C'est une bonne nouvelle pour le budget de l'Etat puisqu'il récupérera le produit de la taxe…
Ne nous trompons pas sur l'objectif : ce n'est pas une mesure de rendement, mais un projet pour inciter les établissements financiers à contrôler leur prise de risque. Ce n'est pas une mesure punitive.
La taxe sera-t-elle déductible de l'impôt sur les sociétés ?
Comme toutes les charges, elle sera effectivement déductible.
Le montant de la taxe peut sembler modeste au regard de la fourchette évoquée au printemps (entre 300 et 1 milliard d'euros)…
Il faut avoir une vision globale : outre la taxe bancaire, j'ai décidé d'accroître la participation des établissements financiers au fond de garantie des dépôts, à hauteur de 90 millions d'euros supplémentaires en 2011, 2012, puis 2013, soit 270 millions en tout. Un arrêté sera publié en ce sens dans les jours qui viennent. Objectif : financer le relèvement de 70.000 à 100.000 euros du montant garanti pour chaque déposant à compter du 1er janvier 2011. A cette occasion, j'ai décidé de réduire de 2 mois à 20 jours le délai entre la demande de prise en charge d'un déposant et le versement d'argent effectif par le fonds de garantie. Par ailleurs, la contribution pour frais de contrôle, qui contraint les banques à assumer les frais de leur propre supervision, représentera un prélèvement supplémentaire de 125 millions d'euros. En 2013, c'est donc plus d'1 milliard d'euros de recettes supplémentaires qui seront prélevés auprès des banques. Ce n'est pas rien ! Mais le but n'est pas non plus d'étrangler les banques.
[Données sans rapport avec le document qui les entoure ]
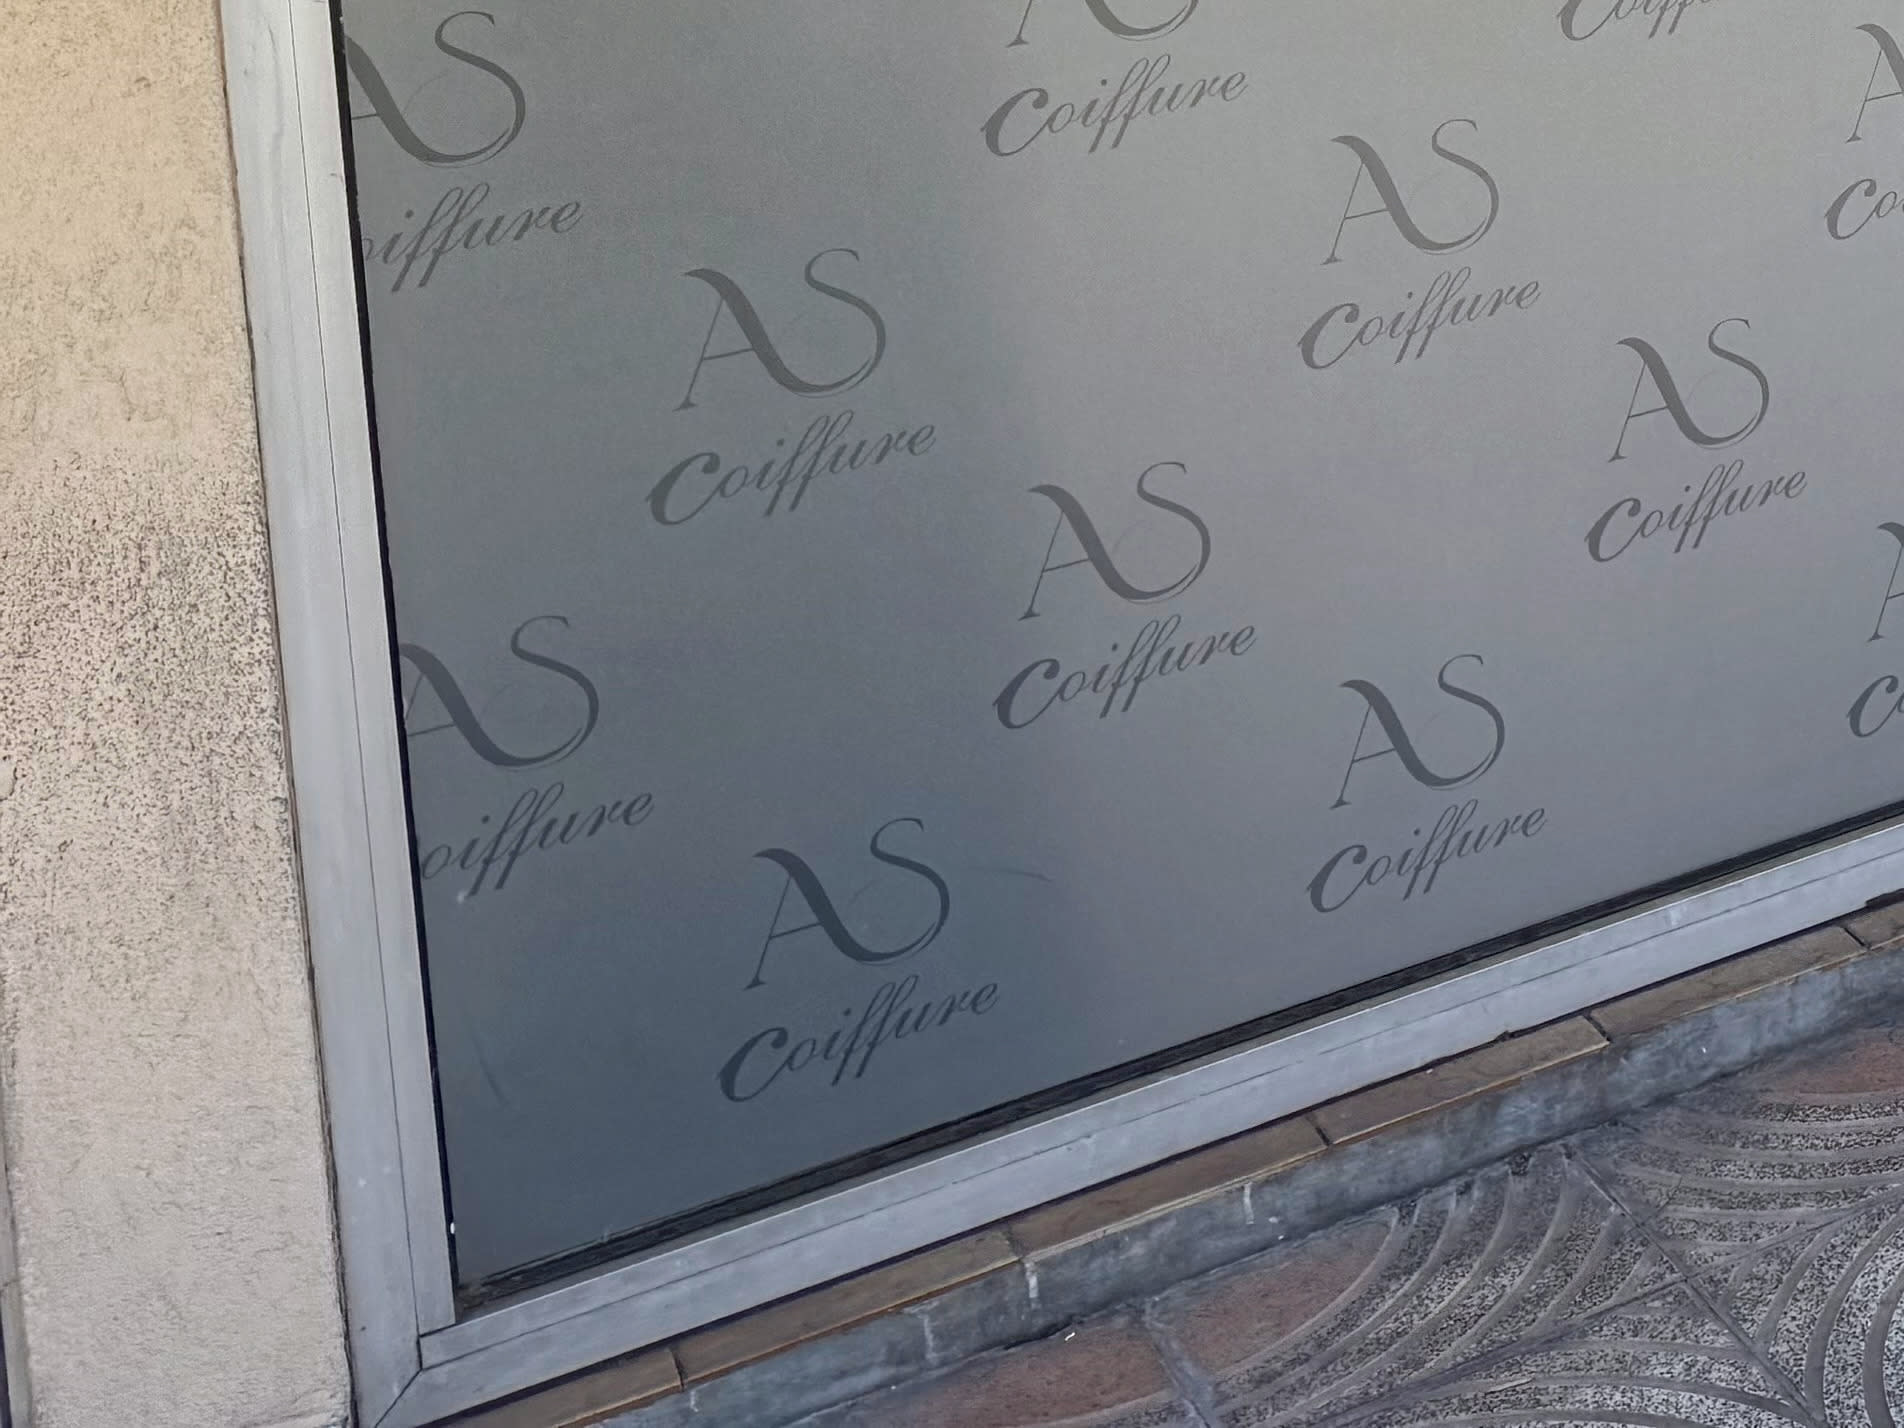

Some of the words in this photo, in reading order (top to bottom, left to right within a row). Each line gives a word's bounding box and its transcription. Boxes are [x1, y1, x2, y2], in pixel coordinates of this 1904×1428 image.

[980, 54, 1248, 157] Coiffure
[362, 181, 584, 292] iffure
[1322, 118, 1499, 265] AS
[675, 248, 886, 411] AS
[1297, 267, 1541, 370] Coiffure
[1607, 318, 1770, 463] AS
[645, 410, 936, 526] Coiffure
[1584, 460, 1807, 563] Coiffure
[1018, 461, 1211, 621] AS
[992, 614, 1256, 730] Coiffure
[1330, 654, 1505, 810] AS
[421, 781, 653, 899] oiffure
[1306, 800, 1547, 913] Coiffure
[744, 817, 950, 990] AS
[718, 975, 998, 1103] Coiffure
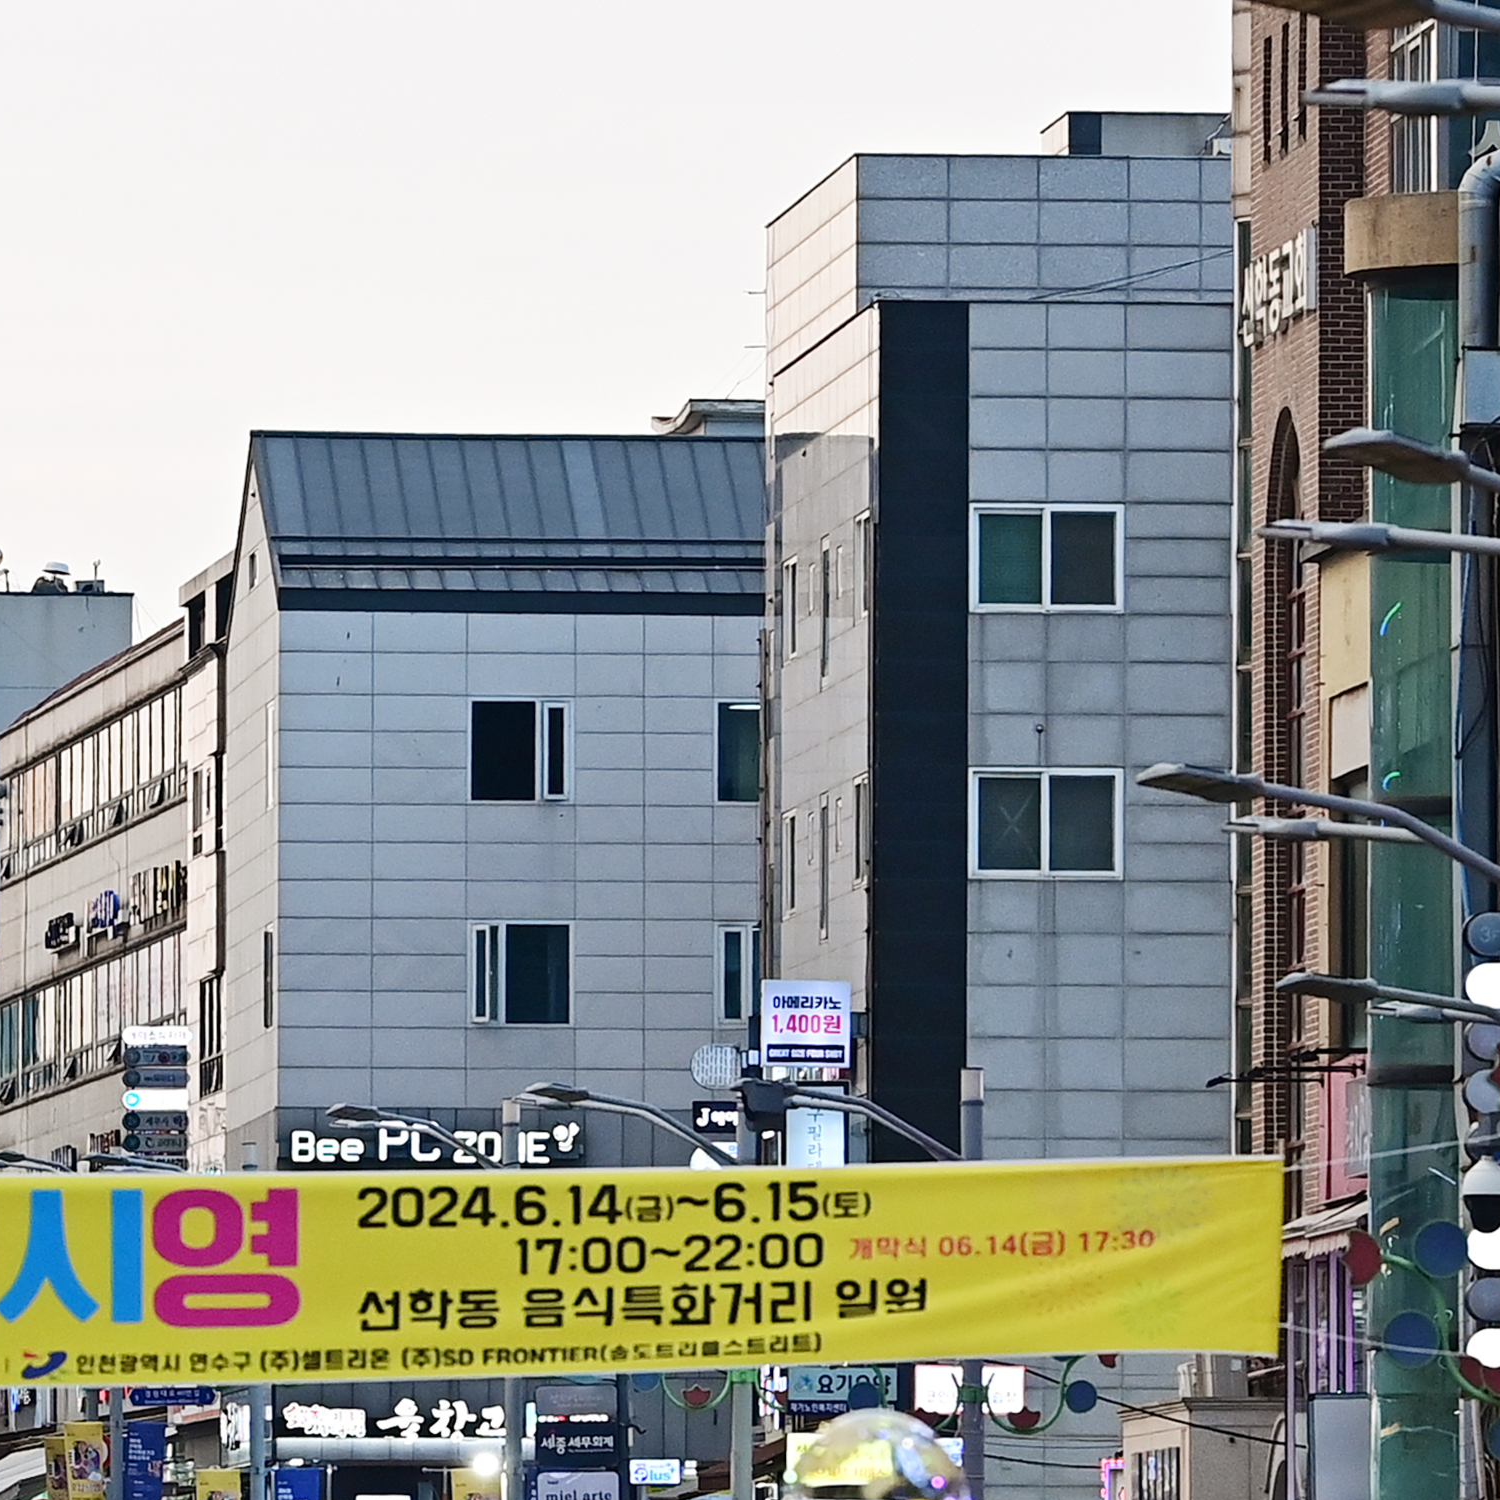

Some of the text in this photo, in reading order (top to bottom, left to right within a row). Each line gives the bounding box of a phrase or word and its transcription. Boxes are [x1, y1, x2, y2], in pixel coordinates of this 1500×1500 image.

Comment justifier le fait que la taxe française rapporte moins que l'allemande ?
Le gouvernement allemand anticipe un produit de l'ordre de 1,5 milliard d'euros à l'horizon 2013. Nous tablons sur 1 milliard d'euros en comptabilisant les trois taxes précitées. Or, l'industrie bancaire allemande pèse 1,5 fois plus que la nôtre. L'effort est donc proportionnellement le même. J'ajoute que l'Allemagne a consacré l'équivalent de 5% de son PIB à son plan de sauvetage des banques pendant la crise, contre 1,1% de PIB pour la France. Et que les banques allemandes n'ont à ce stade remboursé qu'une faible part, alors que leurs homologues françaises en ont remboursé les trois quarts.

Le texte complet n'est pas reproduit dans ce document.